→ **Action item**
As you reproduce every line below, keep it exactly as written and leave out the images.

^^^^

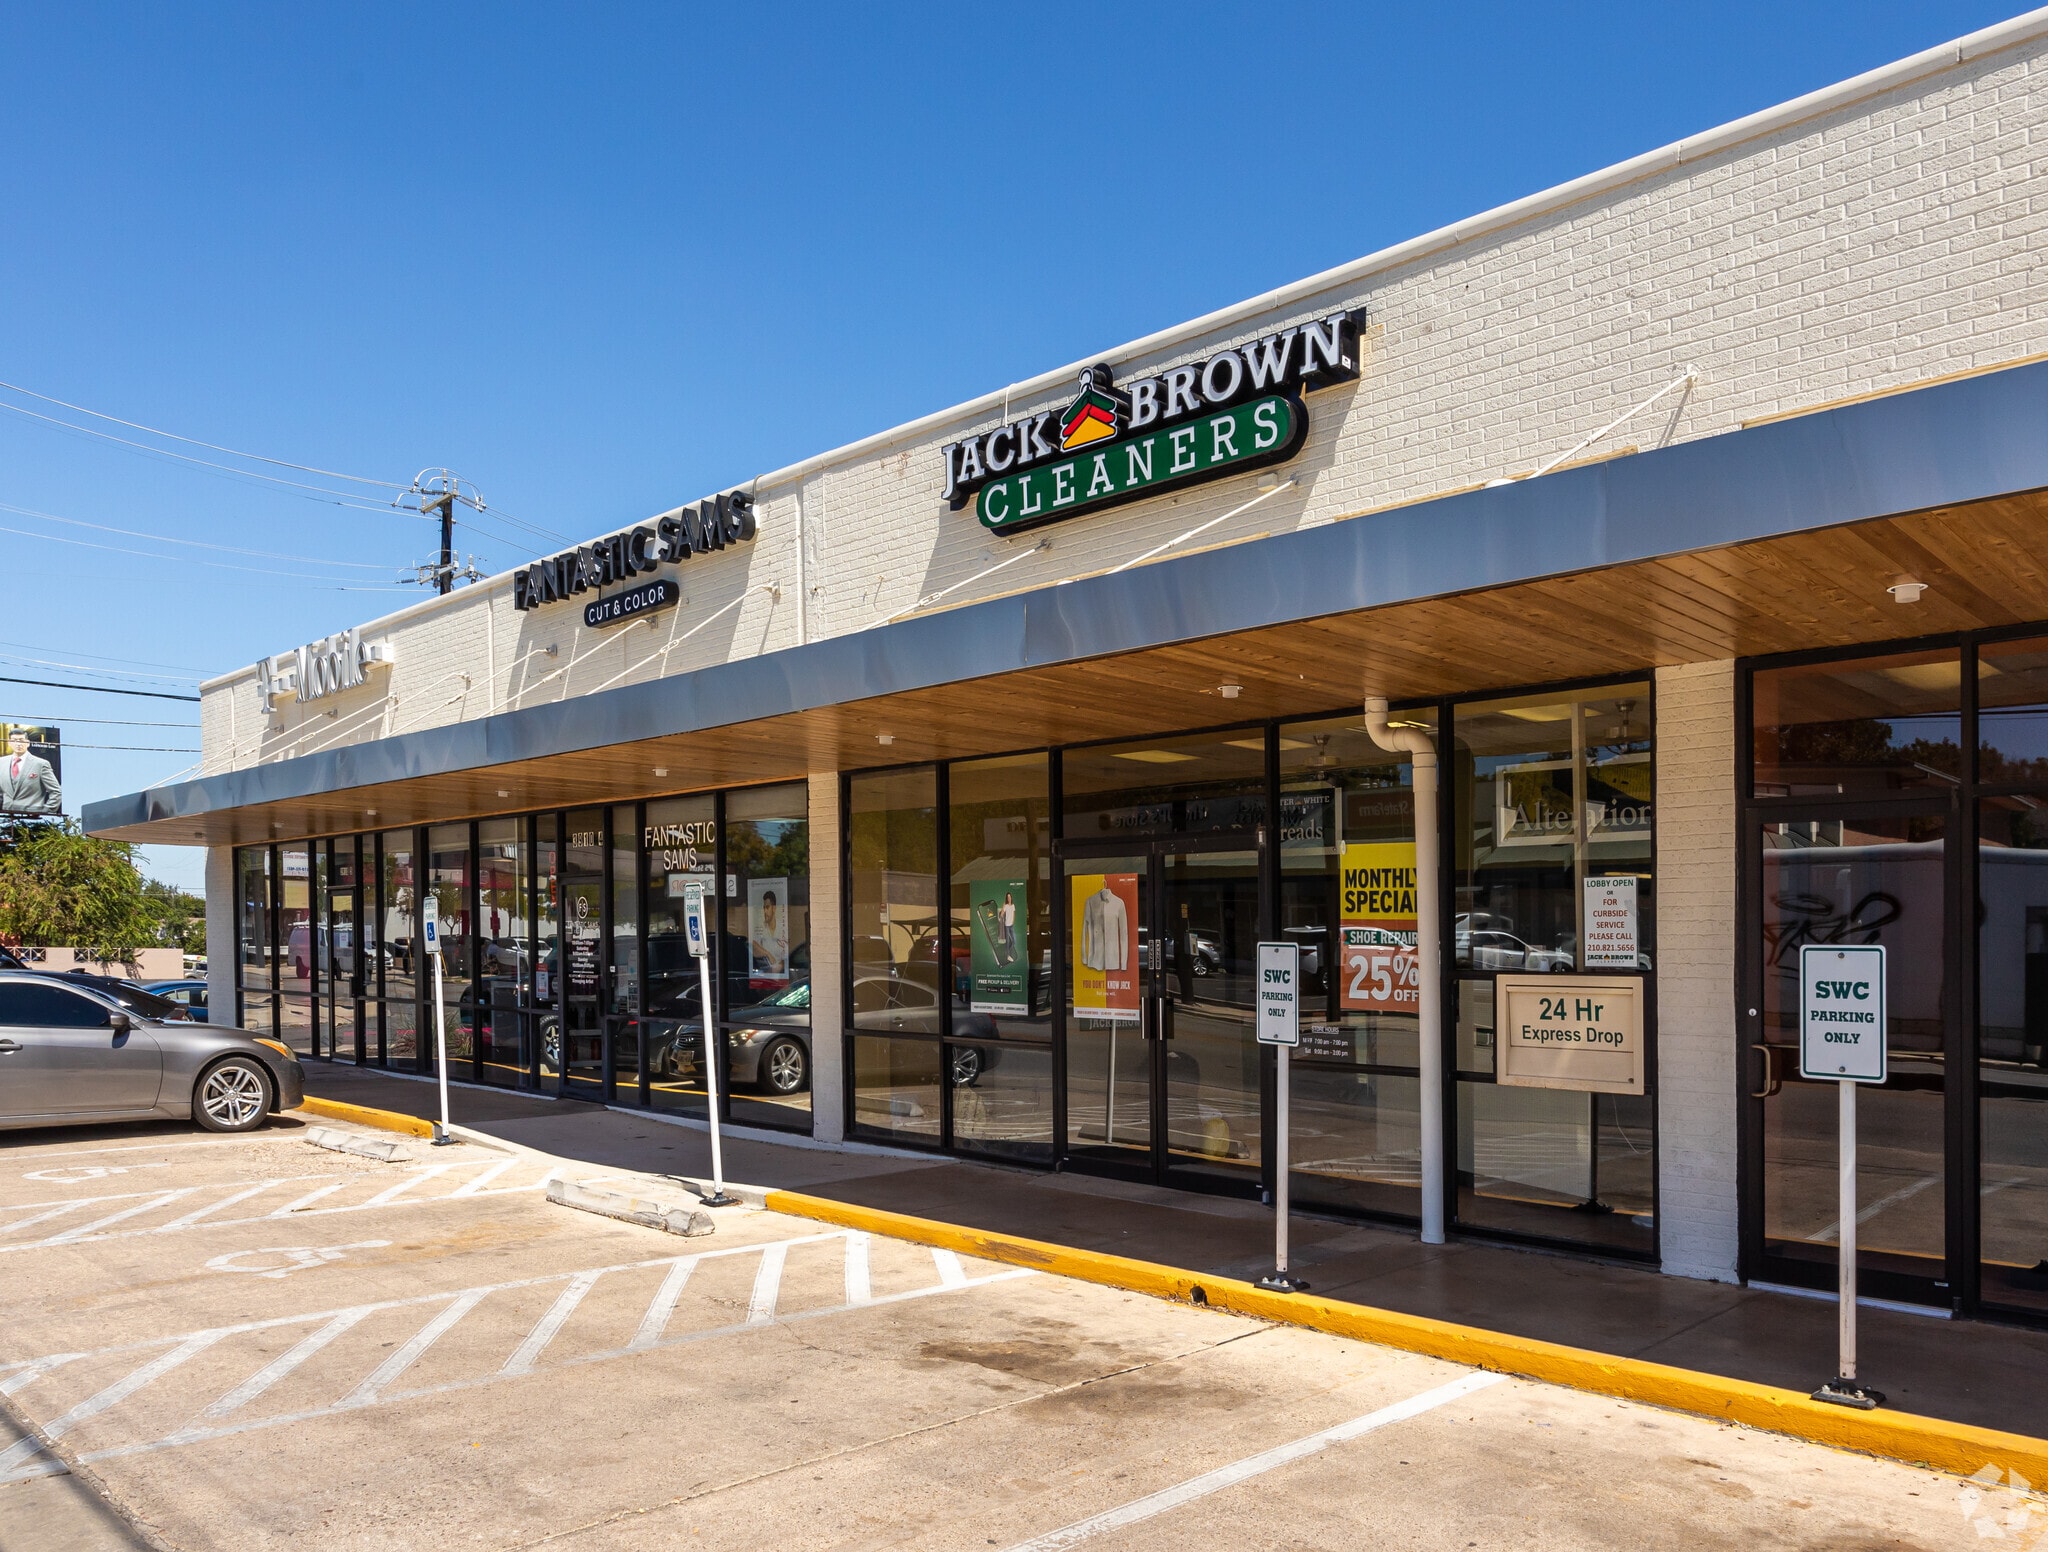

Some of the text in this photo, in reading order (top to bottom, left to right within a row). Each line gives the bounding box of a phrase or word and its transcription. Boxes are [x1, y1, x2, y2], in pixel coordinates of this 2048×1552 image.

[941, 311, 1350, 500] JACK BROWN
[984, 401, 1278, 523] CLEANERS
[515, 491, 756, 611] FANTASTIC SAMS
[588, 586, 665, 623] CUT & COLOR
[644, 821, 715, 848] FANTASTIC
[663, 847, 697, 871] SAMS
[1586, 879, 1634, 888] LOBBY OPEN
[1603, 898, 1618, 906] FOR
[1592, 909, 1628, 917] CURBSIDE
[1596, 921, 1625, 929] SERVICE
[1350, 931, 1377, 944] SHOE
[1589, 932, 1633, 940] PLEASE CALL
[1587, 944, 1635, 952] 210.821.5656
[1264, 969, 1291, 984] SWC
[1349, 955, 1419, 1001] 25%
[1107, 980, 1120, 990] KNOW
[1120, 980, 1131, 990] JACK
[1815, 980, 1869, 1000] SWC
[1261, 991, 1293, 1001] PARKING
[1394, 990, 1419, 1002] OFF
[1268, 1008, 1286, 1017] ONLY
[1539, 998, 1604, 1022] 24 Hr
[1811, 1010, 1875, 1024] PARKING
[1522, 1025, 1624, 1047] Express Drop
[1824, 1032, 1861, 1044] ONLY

^^^^

→ **Result below**
Some of the text in this photo, in reading order (top to bottom, left to right within a row). Each line gives the bounding box of a phrase or word and its transcription. Boxes are [x1, y1, x2, y2], in pixel coordinates of this 2048×1552 image.

[941, 311, 1350, 500] JACK BROWN
[984, 401, 1278, 523] CLEANERS
[515, 491, 756, 611] FANTASTIC SAMS
[588, 586, 665, 623] CUT & COLOR
[644, 821, 715, 848] FANTASTIC
[663, 847, 697, 871] SAMS
[1586, 879, 1634, 888] LOBBY OPEN
[1603, 898, 1618, 906] FOR
[1592, 909, 1628, 917] CURBSIDE
[1596, 921, 1625, 929] SERVICE
[1350, 931, 1377, 944] SHOE
[1589, 932, 1633, 940] PLEASE CALL
[1587, 944, 1635, 952] 210.821.5656
[1264, 969, 1291, 984] SWC
[1349, 955, 1419, 1001] 25%
[1107, 980, 1120, 990] KNOW
[1120, 980, 1131, 990] JACK
[1815, 980, 1869, 1000] SWC
[1261, 991, 1293, 1001] PARKING
[1394, 990, 1419, 1002] OFF
[1268, 1008, 1286, 1017] ONLY
[1539, 998, 1604, 1022] 24 Hr
[1811, 1010, 1875, 1024] PARKING
[1522, 1025, 1624, 1047] Express Drop
[1824, 1032, 1861, 1044] ONLY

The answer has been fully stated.